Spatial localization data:
═══

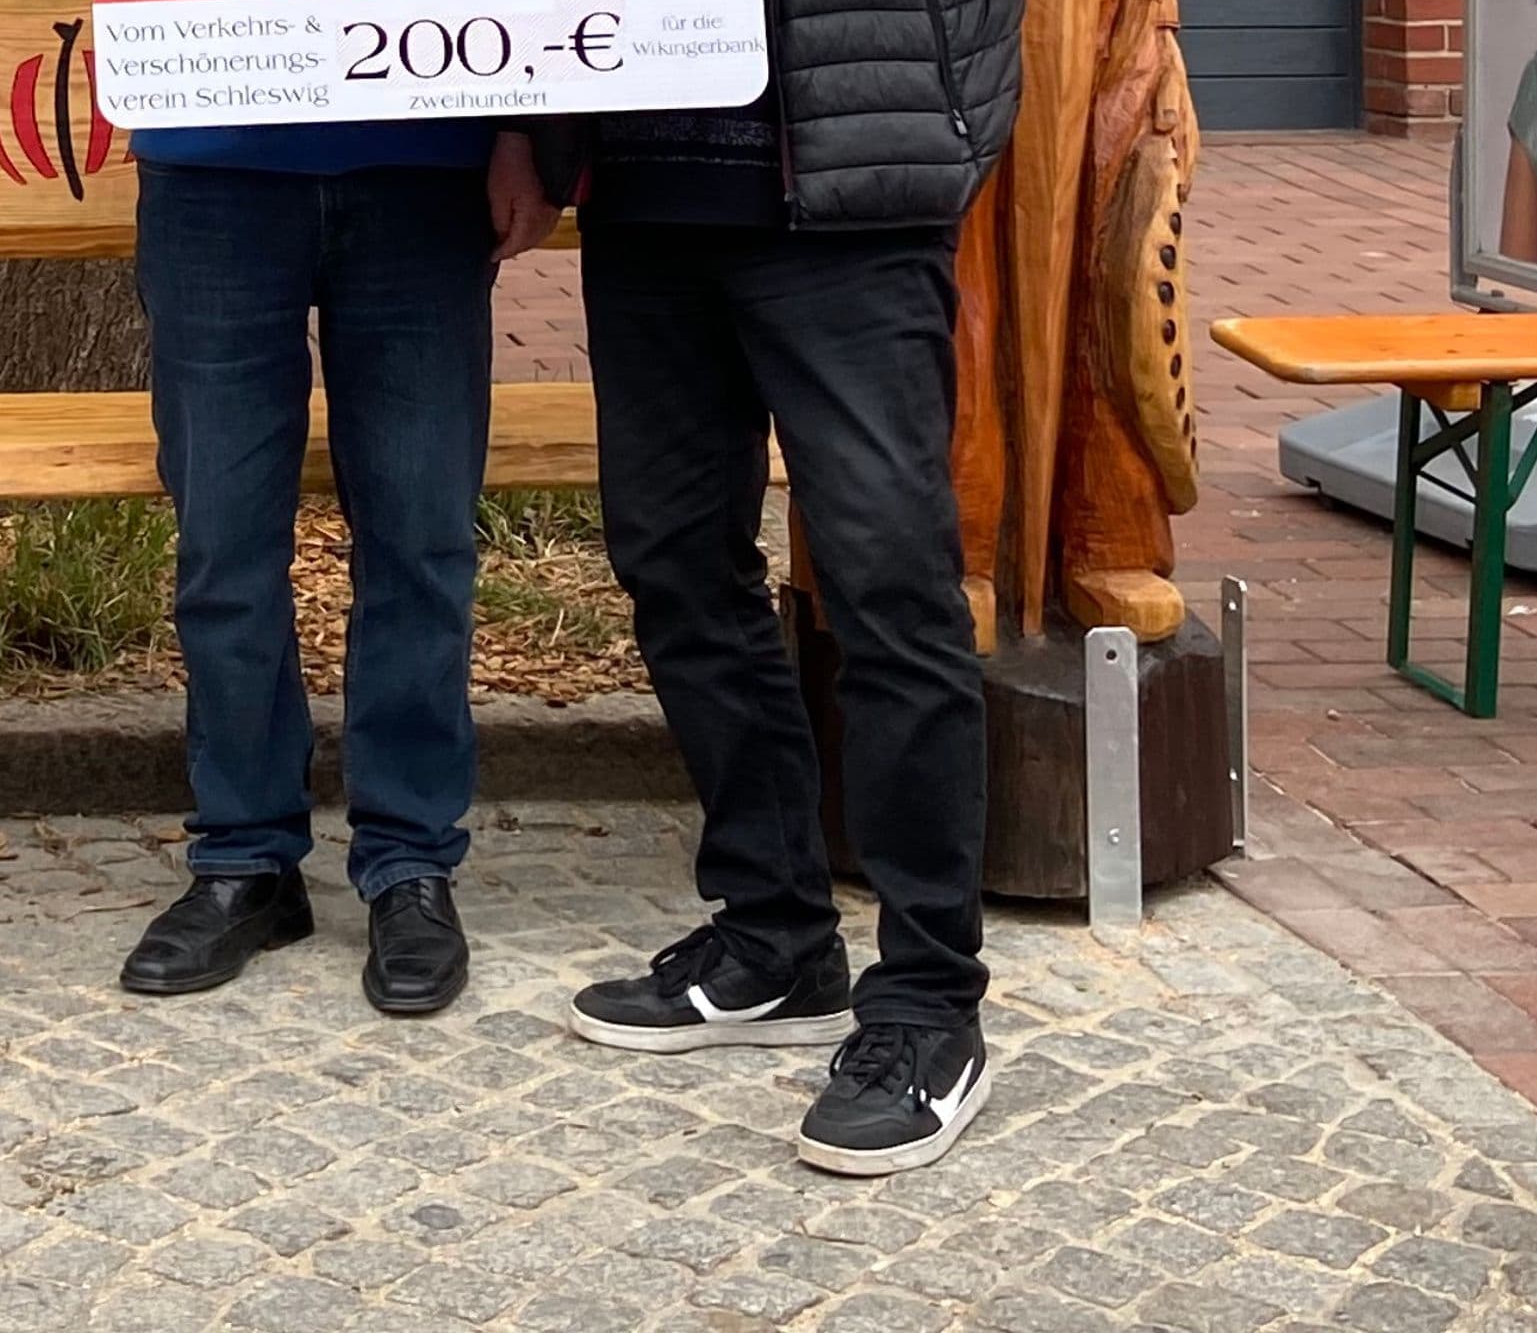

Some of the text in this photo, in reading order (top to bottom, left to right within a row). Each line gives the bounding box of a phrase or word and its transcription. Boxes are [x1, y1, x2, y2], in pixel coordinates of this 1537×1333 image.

[106, 14, 323, 43] Vom Verkehrs- &
[662, 14, 724, 32] für die
[632, 39, 766, 59] Wikingerbank
[105, 50, 328, 77] Verschönerungs-
[106, 82, 331, 112] verein Schleswig
[409, 89, 549, 111] zweihundert

═══

Work to complete: Your answer must be every record above, word for word, with no pictures.

Response to the task:
Some of the text in this photo, in reading order (top to bottom, left to right within a row). Each line gives the bounding box of a phrase or word and its transcription. Boxes are [x1, y1, x2, y2], in pixel coordinates of this 1537×1333 image.

[106, 14, 323, 43] Vom Verkehrs- &
[662, 14, 724, 32] für die
[632, 39, 766, 59] Wikingerbank
[105, 50, 328, 77] Verschönerungs-
[106, 82, 331, 112] verein Schleswig
[409, 89, 549, 111] zweihundert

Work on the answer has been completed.